### Task details
Images excluded, return every record exactly as it reads.

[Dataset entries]
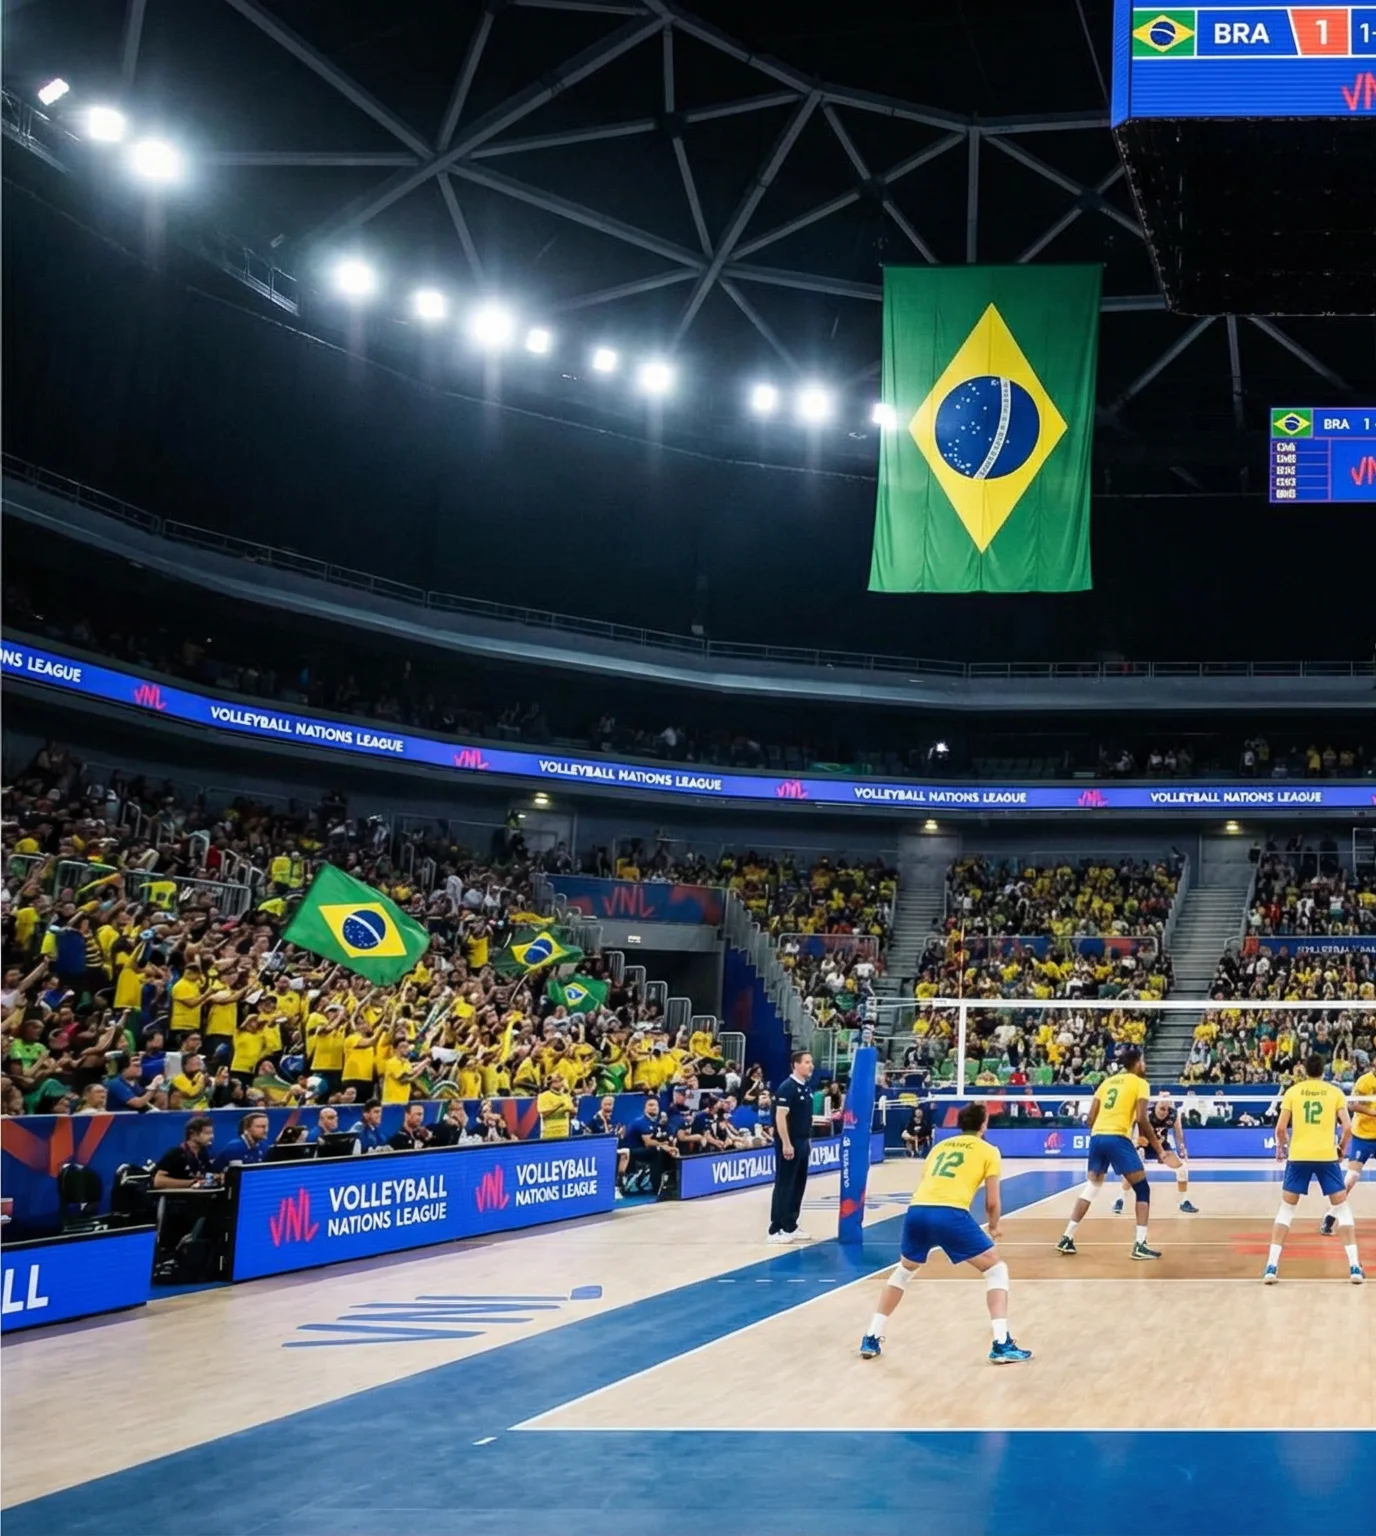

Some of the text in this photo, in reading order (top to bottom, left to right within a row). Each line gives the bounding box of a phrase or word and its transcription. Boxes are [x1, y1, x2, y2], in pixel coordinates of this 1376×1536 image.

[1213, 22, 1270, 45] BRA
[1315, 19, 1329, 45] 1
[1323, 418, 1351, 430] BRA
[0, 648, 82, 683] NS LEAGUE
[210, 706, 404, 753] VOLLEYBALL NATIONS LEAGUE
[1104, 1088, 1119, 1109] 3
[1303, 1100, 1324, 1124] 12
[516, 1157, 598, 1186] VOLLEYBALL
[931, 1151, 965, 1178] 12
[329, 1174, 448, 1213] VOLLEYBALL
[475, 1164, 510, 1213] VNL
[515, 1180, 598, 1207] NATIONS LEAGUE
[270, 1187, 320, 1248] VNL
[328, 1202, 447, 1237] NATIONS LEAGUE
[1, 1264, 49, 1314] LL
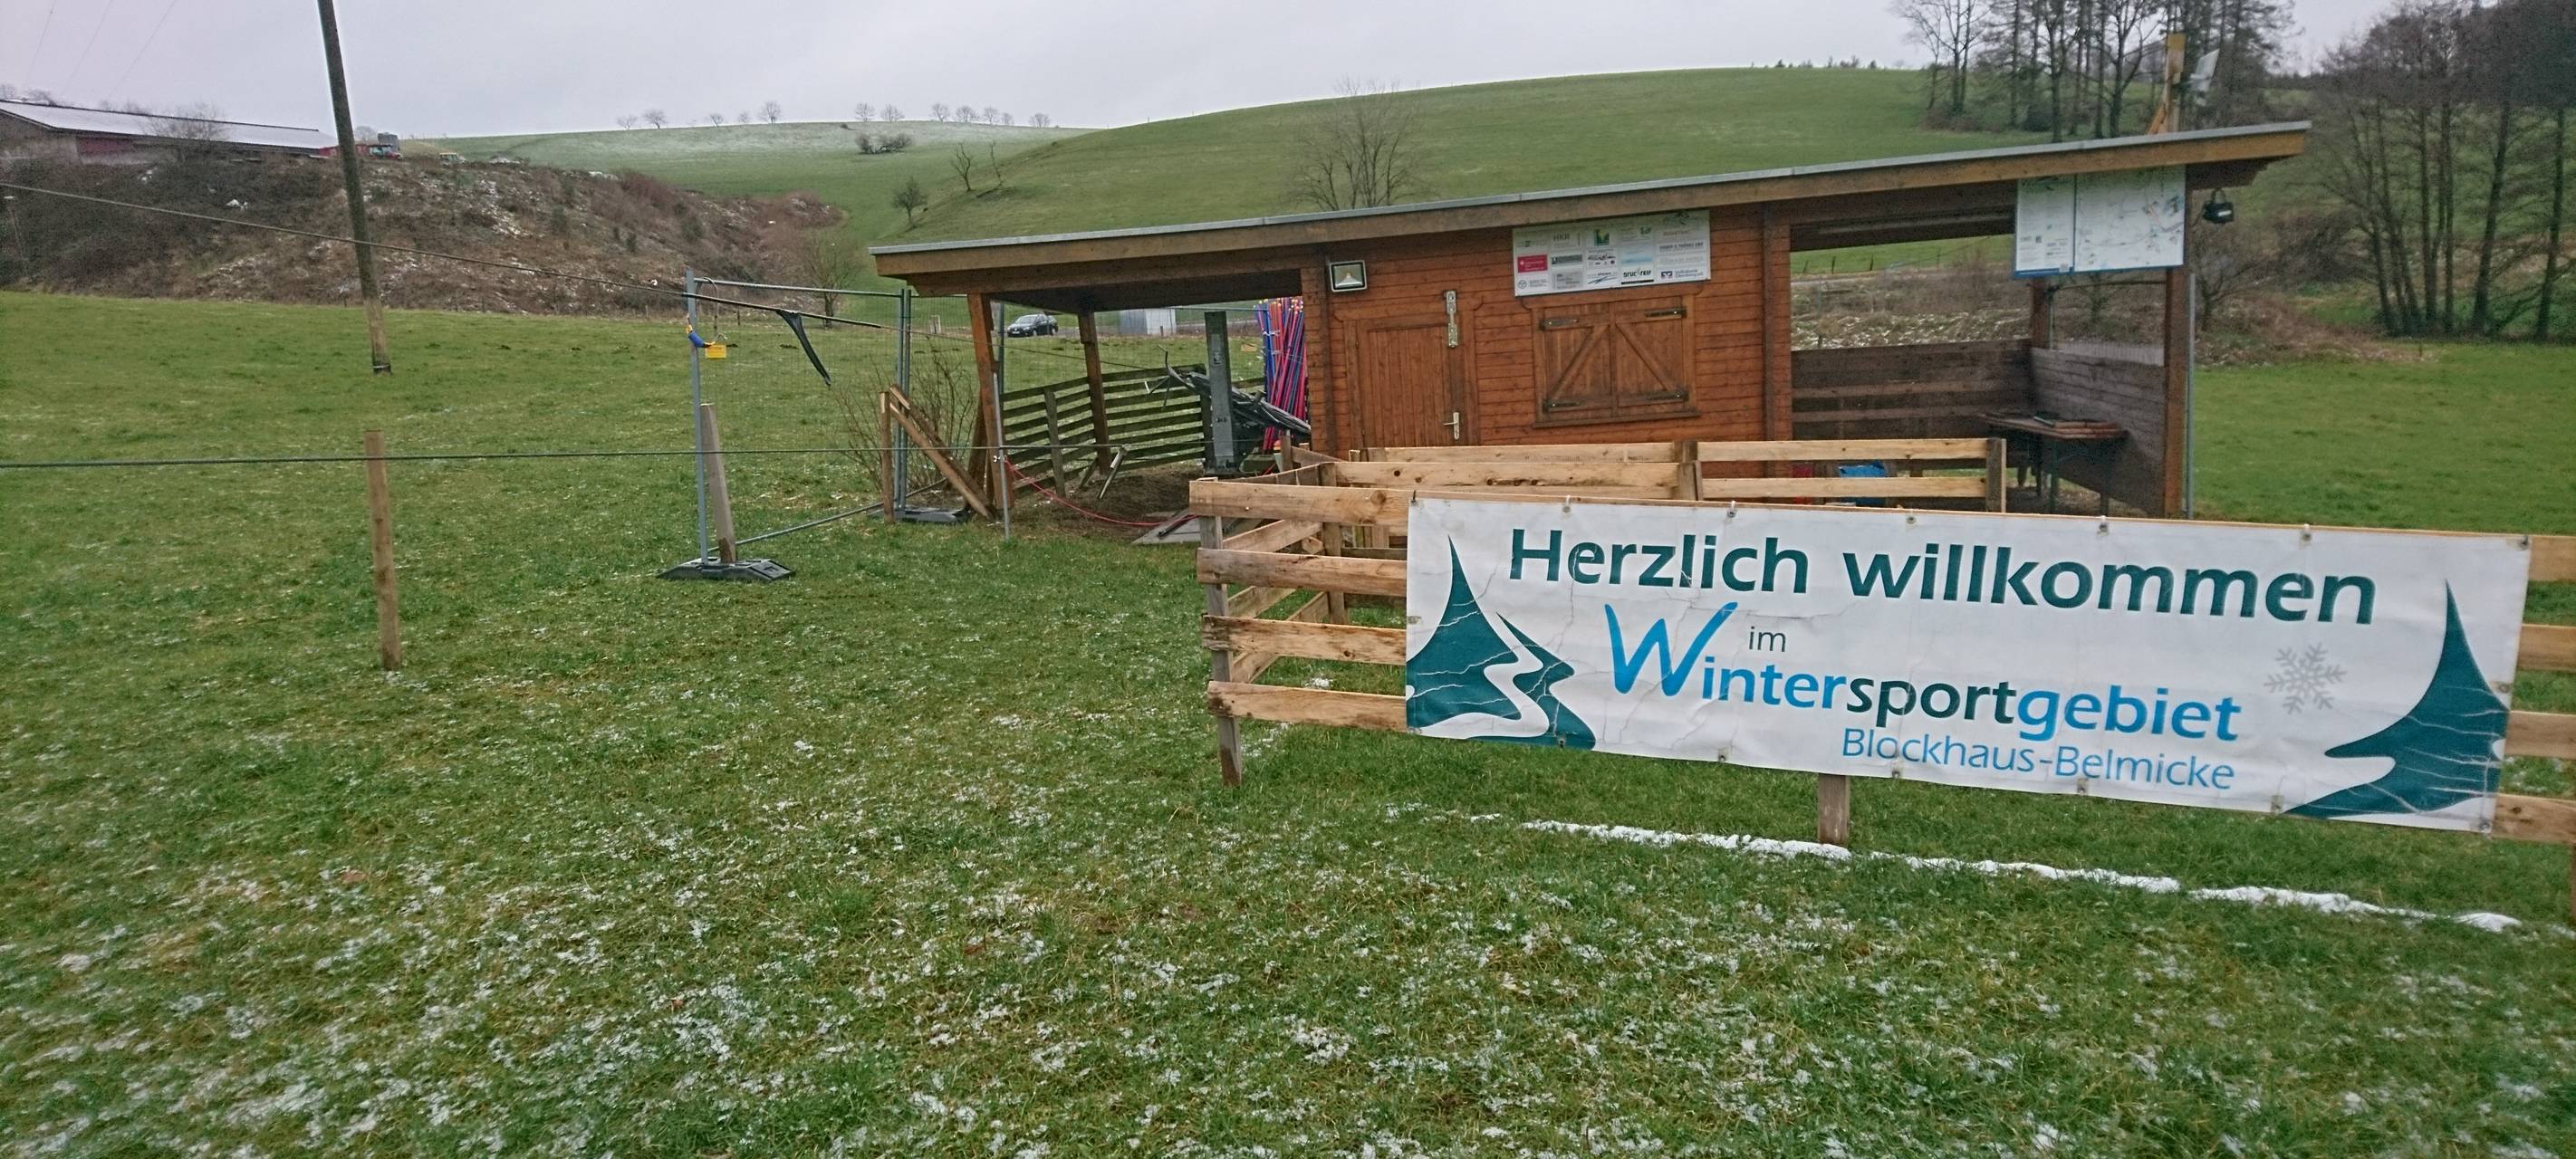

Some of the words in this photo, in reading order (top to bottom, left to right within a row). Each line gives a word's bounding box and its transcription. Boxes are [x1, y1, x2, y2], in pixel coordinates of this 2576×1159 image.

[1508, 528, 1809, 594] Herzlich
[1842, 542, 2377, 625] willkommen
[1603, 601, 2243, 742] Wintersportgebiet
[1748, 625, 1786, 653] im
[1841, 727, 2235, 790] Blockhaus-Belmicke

### Answer section
Some of the text in this photo, in reading order (top to bottom, left to right within a row). Each line gives the bounding box of a phrase or word and its transcription. Boxes are [x1, y1, x2, y2], in pixel coordinates of this 1376×1536 image.

[1213, 22, 1270, 45] BRA
[1315, 19, 1329, 45] 1
[1323, 418, 1351, 430] BRA
[0, 648, 82, 683] NS LEAGUE
[210, 706, 404, 753] VOLLEYBALL NATIONS LEAGUE
[1104, 1088, 1119, 1109] 3
[1303, 1100, 1324, 1124] 12
[516, 1157, 598, 1186] VOLLEYBALL
[931, 1151, 965, 1178] 12
[329, 1174, 448, 1213] VOLLEYBALL
[475, 1164, 510, 1213] VNL
[515, 1180, 598, 1207] NATIONS LEAGUE
[270, 1187, 320, 1248] VNL
[328, 1202, 447, 1237] NATIONS LEAGUE
[1, 1264, 49, 1314] LL

Some of the words in this photo, in reading order (top to bottom, left to right within a row). Each line gives a word's bounding box and its transcription. Boxes are [x1, y1, x2, y2], in pixel coordinates of this 2576×1159 image.

[1508, 528, 1809, 594] Herzlich
[1842, 542, 2377, 625] willkommen
[1603, 601, 2243, 742] Wintersportgebiet
[1748, 625, 1786, 653] im
[1841, 727, 2235, 790] Blockhaus-Belmicke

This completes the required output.